The United Nations Development Programme (UNDP) in South Africa is one of the 177 offices of the UNDP’s global networks located in the country's capital, Pretoria. As a part of the wider UNDP's development efforts, the local office is responsible for supporting the government to develop and implement policies to accelerate the attainment  of the Sustainable Development Goals (SDG) in South Africa. UNDP interventions in South Africa focus on promoting actions that contribute to address the triple challenge of inequality, poverty and unemployment that the county faces. In that regard, the interventions include the promotion of youth employment; building resilience to climate change impacts; biodiversity conservation; water management; promotion of access to sustainable, clean and affordable energy; and promotion of citizens participation in democratic processes. Leaving no-one behind, gender mainstreaming and innovation are in the center of all UNDP cooperation.

==History==
The republic of South Africa formally accepted membership of the UNDP in 1994 and was admitted to the UNDP executive board in January 1998. South Africa through the Department of Foreign Affairs, coordinates the activities of the UNDP. The UNDP is involved in numerous projects in South Africa dealing with a variety of central and provincial government departments.

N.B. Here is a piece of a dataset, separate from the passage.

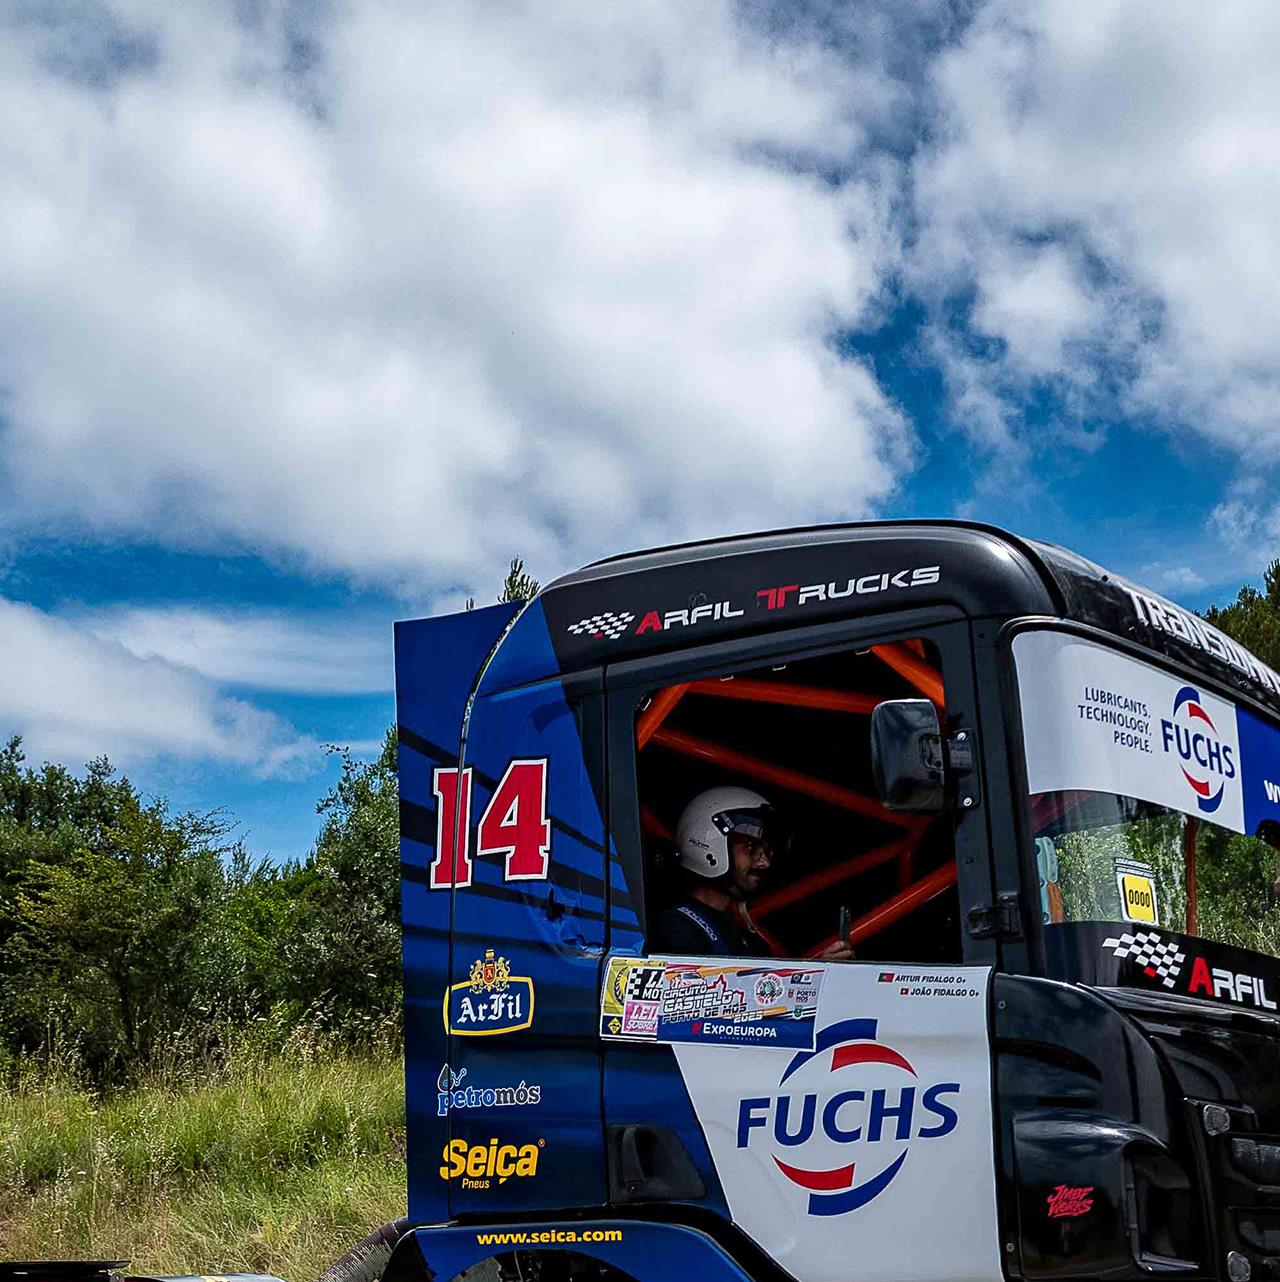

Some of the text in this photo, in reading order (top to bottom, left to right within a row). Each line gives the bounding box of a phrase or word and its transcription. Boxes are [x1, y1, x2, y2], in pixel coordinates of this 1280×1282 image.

== Country Office Programmes ==

===Inclusive growth===
Some of the projects under inclusive growth include:

- Supporting SMME's to bridge the digital divide
- Automotive Training and Re-Skilling in the Post-COVID Economic Recovery for Vulnerable Youth and Women in South Africa
- Support to the Development of Value Chain for a Circular Economy in the Food Waste Sub-Sector for Sustainable Jobs and Inclusive Growth
- Youth Employment and Enterprise Development Programme, and
- Empowering Women in Agriculture Through Capacity Development

===Service delivery and democratic governance===
Strengthening Democratic Governance aims to assist the South African Government in repositioning the public sector to enhance the quality of service delivery through innovation, with an emphasis on providing services to historically disadvantaged communities. The outcome would be women and marginalized groups that are able to participate meaningfully in decision-making and access justice, state institutions that deliver effective public services to all, and oversight bodies that are strengthened. Some of the projects under this programme include:
- The initiative towards a New Approach for Peace and Stability in Africa
- Deepening Social Cohesion in South Africa
- Building State Capacity
- Support to the Electoral Commission of South Africa under the U Count Partnership
- Inclusive and Integrated crisis management and responses

===Climate change & greening South Africa's economy===
Climate Change and Greening South Africa’s Economy aims to support the South African Government to grow its ecological footprint, affirming its commitment to contribute to a cleaner and greener global environment. By 2025, the Country Office aims towards a just transition to a low-carbon society and to ensure that vulnerable and marginalized communities are more resilient to the adverse effects of climate change.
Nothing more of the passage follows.